A primeira turma está fazendo exame. De repente, a porta da sala se abre e, zonzo, um aluno sai, cambaleando. Uma saraivada de perguntas o recepciona:
Um, por não ter o que dizer:
- Já fez?
Outro, curioso:
- Que caiu?
Outro, otimista:
- Foi fácil?
Outro pessimista:
- Foi difícil?
Outro, interessado:
- Você foi bem?
Outro, malandro:
- Dá pra colar?
E o pobre, atordoado, vai distribuindo, à esquerda e à direita (mais uma do que à outra, conforme sua ideologia) monossílabos de profundo conteúdo.
Formam-se, espontaneamente, ardorosos debates sobre nos pontos caídos, e cada um, defendendo sua opinião, cita as fidedignas fontes consultadas:
- Isso está na apostila, volume I, ponto 2.
E o outro:
- Está bem, mas eu estudei pelo livro do professor e lá está exatamente o contrário.
Todos continuam estudando tudo: o critério dos professores:
- Eu vou esnobar nessa prova. Posso citar de cor trechos dos mais acatados juristas alemães e italianos. Estudei-os no original.
- Faça isso e será reprovado “in limine”. Vai parecer que você colou!
A porcentagem de reprovados em anos anteriores:
- Não é fácil, não! No ano passado, duzentos ficaram pra segunda época, nessa matéria.
Os pontos mais pedidos nas provas:
- Esse ponto sempre cai, meu caro; ninguém fica...
- E quem não estudar esse ponto?
- Garanto: ganha um Galaxie se for reprovado...
A posição em que o professor fica na sala:
- Permanece o tempo todo lendo jornal, à mesa!

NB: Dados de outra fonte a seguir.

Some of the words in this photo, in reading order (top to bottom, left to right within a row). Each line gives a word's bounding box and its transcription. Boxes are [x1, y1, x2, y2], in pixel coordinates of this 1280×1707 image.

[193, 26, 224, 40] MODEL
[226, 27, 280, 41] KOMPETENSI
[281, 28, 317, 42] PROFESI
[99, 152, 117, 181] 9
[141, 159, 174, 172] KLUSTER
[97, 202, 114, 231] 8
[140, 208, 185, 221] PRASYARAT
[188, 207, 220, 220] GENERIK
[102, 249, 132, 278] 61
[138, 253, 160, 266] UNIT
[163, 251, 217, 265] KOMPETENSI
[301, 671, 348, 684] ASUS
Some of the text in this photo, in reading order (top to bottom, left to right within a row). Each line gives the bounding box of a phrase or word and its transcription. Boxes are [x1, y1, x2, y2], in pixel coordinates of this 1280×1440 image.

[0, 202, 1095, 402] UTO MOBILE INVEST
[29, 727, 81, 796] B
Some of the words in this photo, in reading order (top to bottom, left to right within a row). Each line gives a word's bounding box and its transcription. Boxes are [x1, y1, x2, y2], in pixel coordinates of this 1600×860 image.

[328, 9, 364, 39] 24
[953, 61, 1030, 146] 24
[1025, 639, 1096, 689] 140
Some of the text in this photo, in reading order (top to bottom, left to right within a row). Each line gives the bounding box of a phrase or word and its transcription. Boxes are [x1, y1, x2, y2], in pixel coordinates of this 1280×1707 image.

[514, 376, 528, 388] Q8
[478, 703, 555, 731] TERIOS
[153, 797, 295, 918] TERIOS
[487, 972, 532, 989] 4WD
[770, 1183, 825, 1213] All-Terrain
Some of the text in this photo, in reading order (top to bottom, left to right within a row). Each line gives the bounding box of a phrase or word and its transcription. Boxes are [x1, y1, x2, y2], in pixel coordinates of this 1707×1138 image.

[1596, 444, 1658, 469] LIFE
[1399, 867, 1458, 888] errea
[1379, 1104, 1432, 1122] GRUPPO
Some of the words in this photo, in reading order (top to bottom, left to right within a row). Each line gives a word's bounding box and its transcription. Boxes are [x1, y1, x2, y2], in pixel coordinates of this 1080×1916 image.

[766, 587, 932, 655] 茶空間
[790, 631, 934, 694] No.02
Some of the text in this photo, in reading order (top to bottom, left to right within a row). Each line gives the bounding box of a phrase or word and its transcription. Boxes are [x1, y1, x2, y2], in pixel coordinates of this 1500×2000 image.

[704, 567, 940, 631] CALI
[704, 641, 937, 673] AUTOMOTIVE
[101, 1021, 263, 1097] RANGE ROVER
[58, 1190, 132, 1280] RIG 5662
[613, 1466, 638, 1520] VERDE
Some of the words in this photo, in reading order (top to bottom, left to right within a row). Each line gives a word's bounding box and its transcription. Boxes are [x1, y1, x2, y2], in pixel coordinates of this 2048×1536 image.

- E quando levanta a cabeça para olhar a classe?
- Não há problema: ele dá uma tossidinha antes...
A bibliografia preferida:
- Nem abra esse livro; no primeiro exame, colei tudo desse autor e só tirei cinco.
Os conceitos:
- Você já decorou as definições da Cátedra?
- Já! - e faz saltar uma lista do bolsinho do paletó, cuidadoso trabalho de minicaligrafia.
Findos os exames, os pessimistas passam, aos bandos:
-Fui mal à beça; só acertei uma. Não dá pra pegar oral nem por aproximação.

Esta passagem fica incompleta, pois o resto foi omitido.